Il termine utilizzato dall’evangelista per indicare il luogo in cui vengono ospitati Giuseppe e Maria non è quello della stanza degli ospiti e delle partorienti, ma quello della grotta. Giuseppe e Maria sono dunque degli ospiti di scarto: la stalla non è un posto sicuro e pulito per accogliere una partoriente.

Anche oggi nel nostro mondo non c’è posto per gli immigrati, per i poveri, per gli umili e per chi non ha reddito. Il sistema capitalistico in cui viviamo non viene messo minimamente in discussione, anzi si consolida e si conferma nella misura in cui produce scarti. Proprio la creazione di questi scarti è il problema più grosso del capitalismo, che allo stesso tempo però, si preoccupa costantemente di nasconderli.

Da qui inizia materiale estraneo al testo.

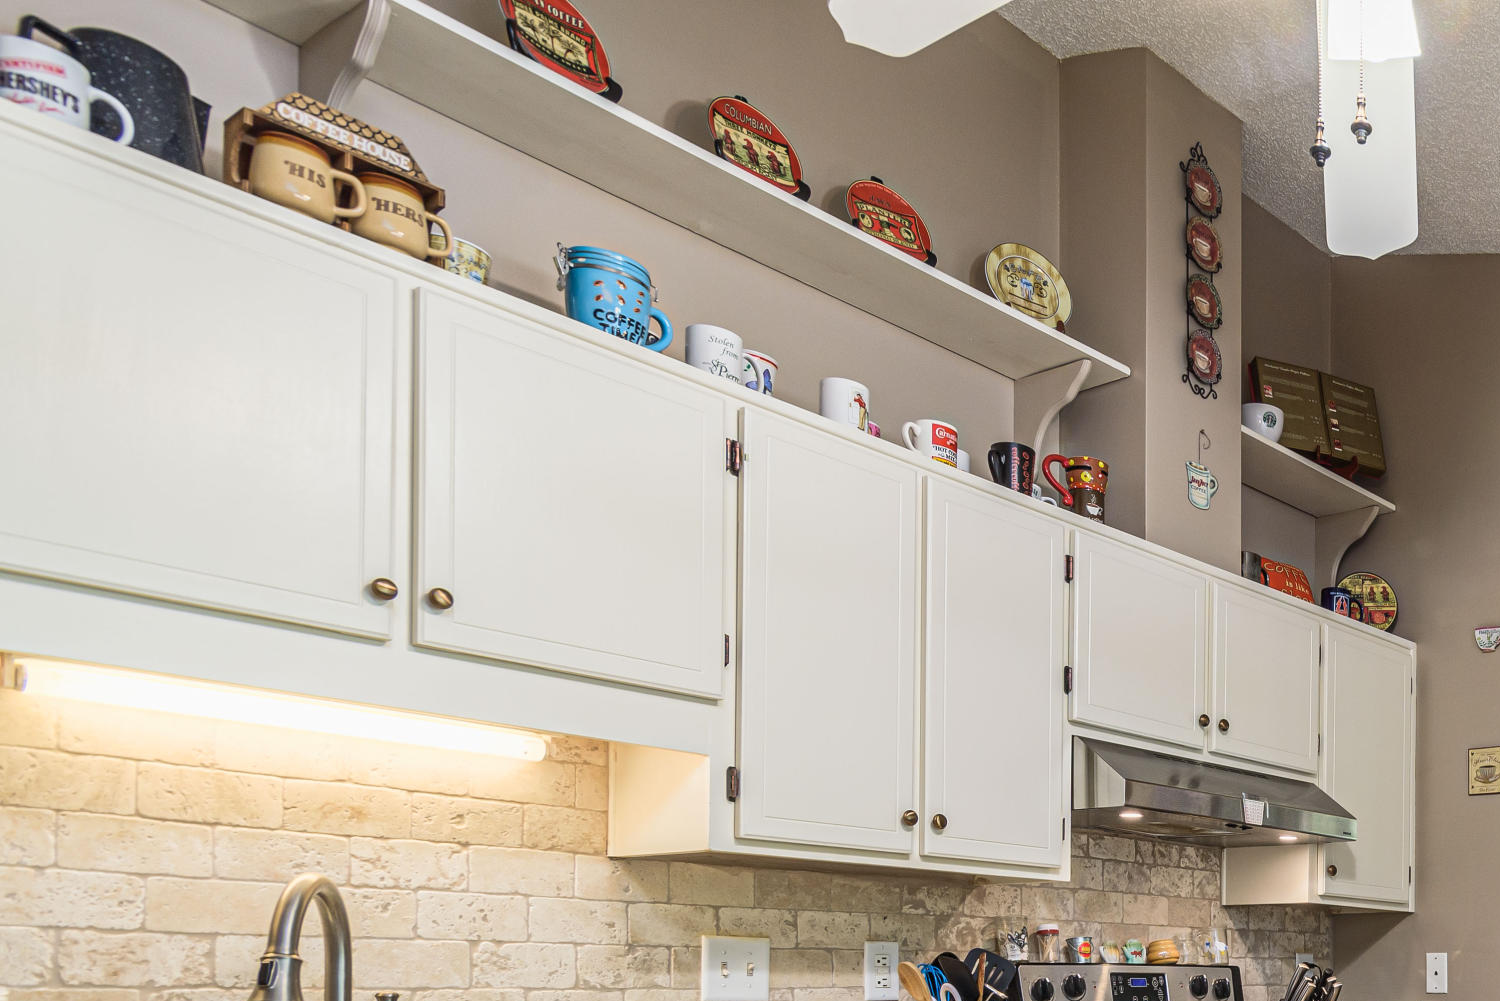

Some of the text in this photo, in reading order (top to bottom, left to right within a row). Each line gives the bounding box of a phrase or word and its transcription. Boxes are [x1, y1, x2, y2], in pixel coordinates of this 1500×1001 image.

[547, 4, 585, 30] COFFEE
[724, 103, 773, 136] COLUMBIAN
[277, 102, 412, 172] COFFEE HOUSE
[284, 160, 327, 190] HIS
[372, 196, 425, 229] HERS
[593, 308, 647, 339] COFFEE
[708, 335, 735, 349] Stolen
[721, 347, 739, 360] from

«Una grave forma di povertà di una civiltà è non riuscire a vedere più i suoi poveri, che prima vengono scartati e poi nascosti» (papa Francesco).

Viviamo in un sistema che non sostiene la vita, anzi la tratta con ipocrisia. Oggi non c’è dunque posto nel cuore dell’uomo, che invece è pronto ad accogliere chi la pensa allo stesso modo e chi ha la stessa sensibilità oppure ciò che piace, ciò che è conviene e ciò che accontenta.

Natale è la festa della vita e mette in discussione proprio le regole del mondo capitalistico. Per fare questo, però, non possiamo limitarci a soccorrere le vittime, come ha fatto il samaritano, ma siamo chiamati a partire dai segni che hanno offerto i profeti preannunciando la nascita di Gesù: un bambino, un virgulto, il Dio con noi, il resto fedele di Israele. Questi segni spazzano via l’idea che per far saltare il sistema bisogna essere in molti. Papa Francesco ci ricorda che è fondamentale che il sale e il lievito non si snaturino. In altre parole si tratta di tenere vivo il principio attivo della fratellanza e della condivisione. Fino a qualche decennio fa, infatti, l’unico modo per tenere in vita il lievito madre era quello di condividerlo e donarselo reciprocamente, moltiplicando in questo modo il pane.

La strada che il Signore ci indica è quella della reciprocità, della comunione e della fratellanza: non si tratta solo di dividere, ma anche di moltiplicare i beni. Fratellanza non può significare dare solo una parte, ma abbracciare per intero la vita dell’altro: appena nato, Gesù è posto in una mangiatoia e diventa un dono agli occhi di tutti.